[Dataset entries]
================

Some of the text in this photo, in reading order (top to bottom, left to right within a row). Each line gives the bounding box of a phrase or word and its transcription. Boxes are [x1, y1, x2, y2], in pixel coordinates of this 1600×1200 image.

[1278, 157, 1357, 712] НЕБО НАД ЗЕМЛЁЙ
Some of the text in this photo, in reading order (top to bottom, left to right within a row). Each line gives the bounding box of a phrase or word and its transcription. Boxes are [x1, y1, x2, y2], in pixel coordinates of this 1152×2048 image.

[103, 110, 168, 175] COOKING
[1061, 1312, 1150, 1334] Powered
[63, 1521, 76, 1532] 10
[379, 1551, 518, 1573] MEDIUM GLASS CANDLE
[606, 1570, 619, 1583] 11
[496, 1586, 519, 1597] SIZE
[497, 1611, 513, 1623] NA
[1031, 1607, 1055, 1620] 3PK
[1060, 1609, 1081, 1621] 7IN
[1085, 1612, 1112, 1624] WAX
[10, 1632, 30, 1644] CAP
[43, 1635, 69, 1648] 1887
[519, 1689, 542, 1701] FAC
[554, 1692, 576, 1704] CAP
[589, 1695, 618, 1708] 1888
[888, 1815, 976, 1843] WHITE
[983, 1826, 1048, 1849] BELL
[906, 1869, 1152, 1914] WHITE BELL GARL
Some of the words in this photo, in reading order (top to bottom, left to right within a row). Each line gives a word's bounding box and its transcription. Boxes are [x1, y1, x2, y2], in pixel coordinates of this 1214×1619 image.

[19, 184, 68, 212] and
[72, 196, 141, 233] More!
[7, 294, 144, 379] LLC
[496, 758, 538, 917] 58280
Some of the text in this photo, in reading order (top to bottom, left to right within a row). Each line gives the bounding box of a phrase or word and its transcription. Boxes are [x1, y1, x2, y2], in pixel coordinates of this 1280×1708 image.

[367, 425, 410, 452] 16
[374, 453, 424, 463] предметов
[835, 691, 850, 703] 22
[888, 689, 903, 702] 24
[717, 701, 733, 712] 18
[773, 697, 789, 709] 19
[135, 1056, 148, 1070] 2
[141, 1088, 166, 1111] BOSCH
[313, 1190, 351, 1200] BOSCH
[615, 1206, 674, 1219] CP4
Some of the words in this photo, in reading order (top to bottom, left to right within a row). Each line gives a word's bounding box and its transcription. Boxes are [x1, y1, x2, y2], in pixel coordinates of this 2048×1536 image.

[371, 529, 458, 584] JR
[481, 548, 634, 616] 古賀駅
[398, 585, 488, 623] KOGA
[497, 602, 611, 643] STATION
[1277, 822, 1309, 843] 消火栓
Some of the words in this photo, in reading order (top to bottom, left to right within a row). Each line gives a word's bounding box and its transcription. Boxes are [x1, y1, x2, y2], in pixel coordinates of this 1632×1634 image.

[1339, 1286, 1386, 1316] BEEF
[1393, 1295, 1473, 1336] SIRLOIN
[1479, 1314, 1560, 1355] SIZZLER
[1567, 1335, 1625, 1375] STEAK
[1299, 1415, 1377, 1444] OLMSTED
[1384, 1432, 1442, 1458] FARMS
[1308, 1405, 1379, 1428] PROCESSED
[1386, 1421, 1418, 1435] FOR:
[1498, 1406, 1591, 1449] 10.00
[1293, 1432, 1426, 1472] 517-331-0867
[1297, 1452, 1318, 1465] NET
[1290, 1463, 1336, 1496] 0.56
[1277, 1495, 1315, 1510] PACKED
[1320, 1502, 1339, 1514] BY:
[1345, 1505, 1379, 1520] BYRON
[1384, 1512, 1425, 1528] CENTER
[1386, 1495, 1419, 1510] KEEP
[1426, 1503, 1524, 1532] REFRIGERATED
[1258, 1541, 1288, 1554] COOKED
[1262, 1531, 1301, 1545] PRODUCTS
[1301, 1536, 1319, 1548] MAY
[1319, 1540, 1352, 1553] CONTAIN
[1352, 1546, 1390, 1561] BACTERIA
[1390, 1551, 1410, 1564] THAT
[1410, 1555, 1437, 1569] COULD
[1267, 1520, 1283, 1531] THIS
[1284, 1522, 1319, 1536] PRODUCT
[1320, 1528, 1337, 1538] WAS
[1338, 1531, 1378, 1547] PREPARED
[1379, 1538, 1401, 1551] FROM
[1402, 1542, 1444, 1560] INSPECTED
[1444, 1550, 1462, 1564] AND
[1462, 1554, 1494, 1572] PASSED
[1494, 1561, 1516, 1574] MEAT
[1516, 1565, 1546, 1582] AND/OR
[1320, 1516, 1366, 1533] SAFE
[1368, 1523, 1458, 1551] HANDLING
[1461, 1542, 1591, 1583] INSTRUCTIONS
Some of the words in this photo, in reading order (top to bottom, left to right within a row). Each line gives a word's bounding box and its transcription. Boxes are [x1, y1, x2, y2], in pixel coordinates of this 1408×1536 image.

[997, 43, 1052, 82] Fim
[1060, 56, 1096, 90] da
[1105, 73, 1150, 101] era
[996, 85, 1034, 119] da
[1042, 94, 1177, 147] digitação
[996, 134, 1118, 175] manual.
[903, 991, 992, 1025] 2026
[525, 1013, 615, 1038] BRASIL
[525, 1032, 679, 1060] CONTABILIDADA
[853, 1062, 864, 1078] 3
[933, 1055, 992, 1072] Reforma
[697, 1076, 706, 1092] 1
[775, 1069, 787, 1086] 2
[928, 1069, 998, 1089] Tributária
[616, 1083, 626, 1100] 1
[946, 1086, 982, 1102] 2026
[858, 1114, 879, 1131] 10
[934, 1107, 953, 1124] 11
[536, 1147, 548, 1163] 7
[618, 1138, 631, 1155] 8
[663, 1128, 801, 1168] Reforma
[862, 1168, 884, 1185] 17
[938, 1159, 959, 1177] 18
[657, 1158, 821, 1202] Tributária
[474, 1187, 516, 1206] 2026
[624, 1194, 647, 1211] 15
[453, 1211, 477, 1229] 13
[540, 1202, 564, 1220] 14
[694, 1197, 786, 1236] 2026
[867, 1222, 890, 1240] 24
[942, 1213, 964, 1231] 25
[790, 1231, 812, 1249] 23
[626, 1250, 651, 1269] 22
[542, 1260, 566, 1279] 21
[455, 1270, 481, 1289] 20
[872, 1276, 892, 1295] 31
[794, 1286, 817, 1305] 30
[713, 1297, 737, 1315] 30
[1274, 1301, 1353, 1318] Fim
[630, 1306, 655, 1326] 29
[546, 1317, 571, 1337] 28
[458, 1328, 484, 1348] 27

================

**What is expected**
Each line of the data above should appear again in your answer, exactly as given.

**Answer section**
Some of the text in this photo, in reading order (top to bottom, left to right within a row). Each line gives the bounding box of a phrase or word and its transcription. Boxes are [x1, y1, x2, y2], in pixel coordinates of this 1600×1200 image.

[1278, 157, 1357, 712] НЕБО НАД ЗЕМЛЁЙ
Some of the text in this photo, in reading order (top to bottom, left to right within a row). Each line gives the bounding box of a phrase or word and its transcription. Boxes are [x1, y1, x2, y2], in pixel coordinates of this 1152×2048 image.

[103, 110, 168, 175] COOKING
[1061, 1312, 1150, 1334] Powered
[63, 1521, 76, 1532] 10
[379, 1551, 518, 1573] MEDIUM GLASS CANDLE
[606, 1570, 619, 1583] 11
[496, 1586, 519, 1597] SIZE
[497, 1611, 513, 1623] NA
[1031, 1607, 1055, 1620] 3PK
[1060, 1609, 1081, 1621] 7IN
[1085, 1612, 1112, 1624] WAX
[10, 1632, 30, 1644] CAP
[43, 1635, 69, 1648] 1887
[519, 1689, 542, 1701] FAC
[554, 1692, 576, 1704] CAP
[589, 1695, 618, 1708] 1888
[888, 1815, 976, 1843] WHITE
[983, 1826, 1048, 1849] BELL
[906, 1869, 1152, 1914] WHITE BELL GARL
Some of the words in this photo, in reading order (top to bottom, left to right within a row). Each line gives a word's bounding box and its transcription. Boxes are [x1, y1, x2, y2], in pixel coordinates of this 1214×1619 image.

[19, 184, 68, 212] and
[72, 196, 141, 233] More!
[7, 294, 144, 379] LLC
[496, 758, 538, 917] 58280
Some of the text in this photo, in reading order (top to bottom, left to right within a row). Each line gives the bounding box of a phrase or word and its transcription. Boxes are [x1, y1, x2, y2], in pixel coordinates of this 1280×1708 image.

[367, 425, 410, 452] 16
[374, 453, 424, 463] предметов
[835, 691, 850, 703] 22
[888, 689, 903, 702] 24
[717, 701, 733, 712] 18
[773, 697, 789, 709] 19
[135, 1056, 148, 1070] 2
[141, 1088, 166, 1111] BOSCH
[313, 1190, 351, 1200] BOSCH
[615, 1206, 674, 1219] CP4
Some of the words in this photo, in reading order (top to bottom, left to right within a row). Each line gives a word's bounding box and its transcription. Boxes are [x1, y1, x2, y2], in pixel coordinates of this 2048×1536 image.

[371, 529, 458, 584] JR
[481, 548, 634, 616] 古賀駅
[398, 585, 488, 623] KOGA
[497, 602, 611, 643] STATION
[1277, 822, 1309, 843] 消火栓
Some of the words in this photo, in reading order (top to bottom, left to right within a row). Each line gives a word's bounding box and its transcription. Boxes are [x1, y1, x2, y2], in pixel coordinates of this 1632×1634 image.

[1339, 1286, 1386, 1316] BEEF
[1393, 1295, 1473, 1336] SIRLOIN
[1479, 1314, 1560, 1355] SIZZLER
[1567, 1335, 1625, 1375] STEAK
[1299, 1415, 1377, 1444] OLMSTED
[1384, 1432, 1442, 1458] FARMS
[1308, 1405, 1379, 1428] PROCESSED
[1386, 1421, 1418, 1435] FOR:
[1498, 1406, 1591, 1449] 10.00
[1293, 1432, 1426, 1472] 517-331-0867
[1297, 1452, 1318, 1465] NET
[1290, 1463, 1336, 1496] 0.56
[1277, 1495, 1315, 1510] PACKED
[1320, 1502, 1339, 1514] BY:
[1345, 1505, 1379, 1520] BYRON
[1384, 1512, 1425, 1528] CENTER
[1386, 1495, 1419, 1510] KEEP
[1426, 1503, 1524, 1532] REFRIGERATED
[1258, 1541, 1288, 1554] COOKED
[1262, 1531, 1301, 1545] PRODUCTS
[1301, 1536, 1319, 1548] MAY
[1319, 1540, 1352, 1553] CONTAIN
[1352, 1546, 1390, 1561] BACTERIA
[1390, 1551, 1410, 1564] THAT
[1410, 1555, 1437, 1569] COULD
[1267, 1520, 1283, 1531] THIS
[1284, 1522, 1319, 1536] PRODUCT
[1320, 1528, 1337, 1538] WAS
[1338, 1531, 1378, 1547] PREPARED
[1379, 1538, 1401, 1551] FROM
[1402, 1542, 1444, 1560] INSPECTED
[1444, 1550, 1462, 1564] AND
[1462, 1554, 1494, 1572] PASSED
[1494, 1561, 1516, 1574] MEAT
[1516, 1565, 1546, 1582] AND/OR
[1320, 1516, 1366, 1533] SAFE
[1368, 1523, 1458, 1551] HANDLING
[1461, 1542, 1591, 1583] INSTRUCTIONS
Some of the words in this photo, in reading order (top to bottom, left to right within a row). Each line gives a word's bounding box and its transcription. Boxes are [x1, y1, x2, y2], in pixel coordinates of this 1408×1536 image.

[997, 43, 1052, 82] Fim
[1060, 56, 1096, 90] da
[1105, 73, 1150, 101] era
[996, 85, 1034, 119] da
[1042, 94, 1177, 147] digitação
[996, 134, 1118, 175] manual.
[903, 991, 992, 1025] 2026
[525, 1013, 615, 1038] BRASIL
[525, 1032, 679, 1060] CONTABILIDADA
[853, 1062, 864, 1078] 3
[933, 1055, 992, 1072] Reforma
[697, 1076, 706, 1092] 1
[775, 1069, 787, 1086] 2
[928, 1069, 998, 1089] Tributária
[616, 1083, 626, 1100] 1
[946, 1086, 982, 1102] 2026
[858, 1114, 879, 1131] 10
[934, 1107, 953, 1124] 11
[536, 1147, 548, 1163] 7
[618, 1138, 631, 1155] 8
[663, 1128, 801, 1168] Reforma
[862, 1168, 884, 1185] 17
[938, 1159, 959, 1177] 18
[657, 1158, 821, 1202] Tributária
[474, 1187, 516, 1206] 2026
[624, 1194, 647, 1211] 15
[453, 1211, 477, 1229] 13
[540, 1202, 564, 1220] 14
[694, 1197, 786, 1236] 2026
[867, 1222, 890, 1240] 24
[942, 1213, 964, 1231] 25
[790, 1231, 812, 1249] 23
[626, 1250, 651, 1269] 22
[542, 1260, 566, 1279] 21
[455, 1270, 481, 1289] 20
[872, 1276, 892, 1295] 31
[794, 1286, 817, 1305] 30
[713, 1297, 737, 1315] 30
[1274, 1301, 1353, 1318] Fim
[630, 1306, 655, 1326] 29
[546, 1317, 571, 1337] 28
[458, 1328, 484, 1348] 27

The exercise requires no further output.